The invention uses the dimethyl sulfoxide recovered from the carbon fiber production as a quick regenerant to regenerate the aged asphalt on the surface in the waste asphalt mixture, thereby not only reducing the treatment cost of the dimethyl sulfoxide, but also recycling the waste materials and improving the bonding property of the regenerated cement concrete.

The invention adopts the superplasticizer to mix the recycled cement concrete to improve the workability of the newly mixed recycled cement concrete.

The invention adopts the surfactant which is the same as that used for the production of the emulsified asphalt to be dissolved in water, thereby increasing the compatibility between the surfactant and the water.

According to the invention, the emulsified asphalt is used for modifying the surface of the waste asphalt mixture and then is mixed with the concrete, compared with the method that the waste asphalt mixture is directly mixed with the concrete, the utilization rate of the waste asphalt mixture is about 2 times higher on the basis that various index performances meet the standard requirements.

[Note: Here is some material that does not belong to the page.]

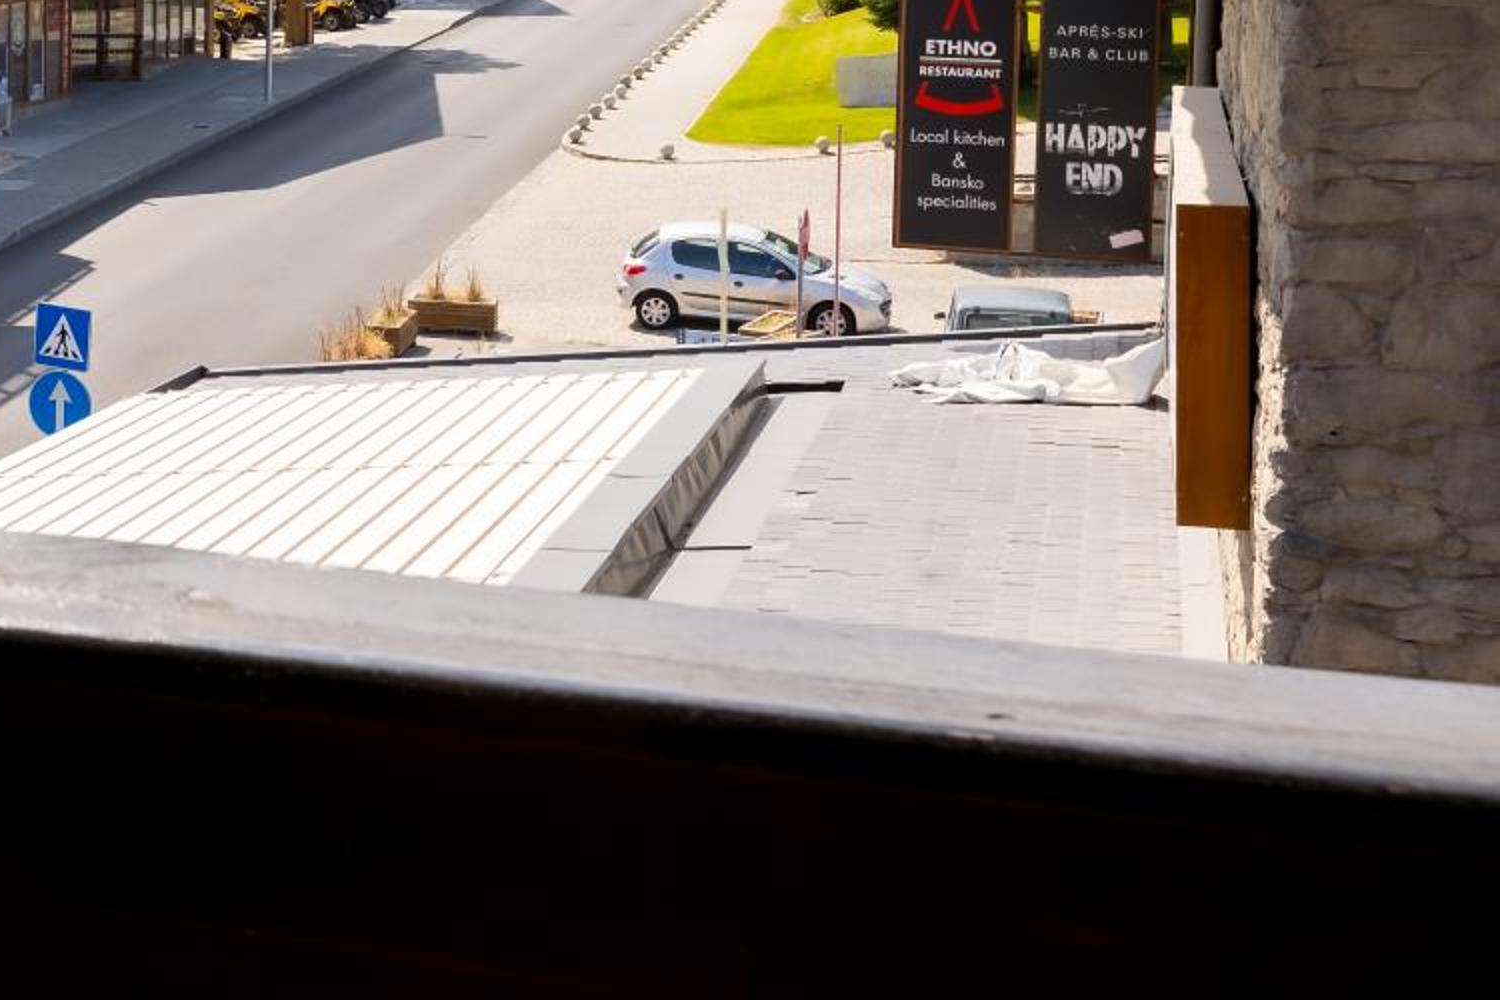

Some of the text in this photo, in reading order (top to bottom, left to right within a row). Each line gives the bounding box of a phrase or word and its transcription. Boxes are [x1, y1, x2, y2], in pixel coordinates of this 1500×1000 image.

The quality of the engineering components such as the recycled cement concrete curb and the like prepared by the invention is greatly reduced, the economic cost caused by transportation is reduced by mixing the components on site, the environmental pollution is reduced by normal-temperature construction, and the resource application value of the waste asphalt concrete in the field of traffic buildings is improved.

Detailed Description

In order to more clearly illustrate the embodiments of the present invention, the following description will explain specific embodiments of the present invention. It is obvious that the following description is only of some embodiments of the invention and that other embodiments can be derived from these without inventive step for a person skilled in the art.

Example 1:

the recycled cement concrete for recycling the waste asphalt comprises a component A, a component B, a component C, a component D and a component E, wherein the components are prepared from the following components in parts by weight: 13-20 parts of component A, 60-80 parts of component B, 25-35 parts of component C, 1.28-1.98 parts of component D and 5-8 parts of component E.

Wherein:

the component A consists of cementing material cement and reinforcing and toughening materials, and the mass part ratio is as follows: 12.888 to 19.886 portions of cement and 0.112 to 0.144 portion of reinforcing and toughening material.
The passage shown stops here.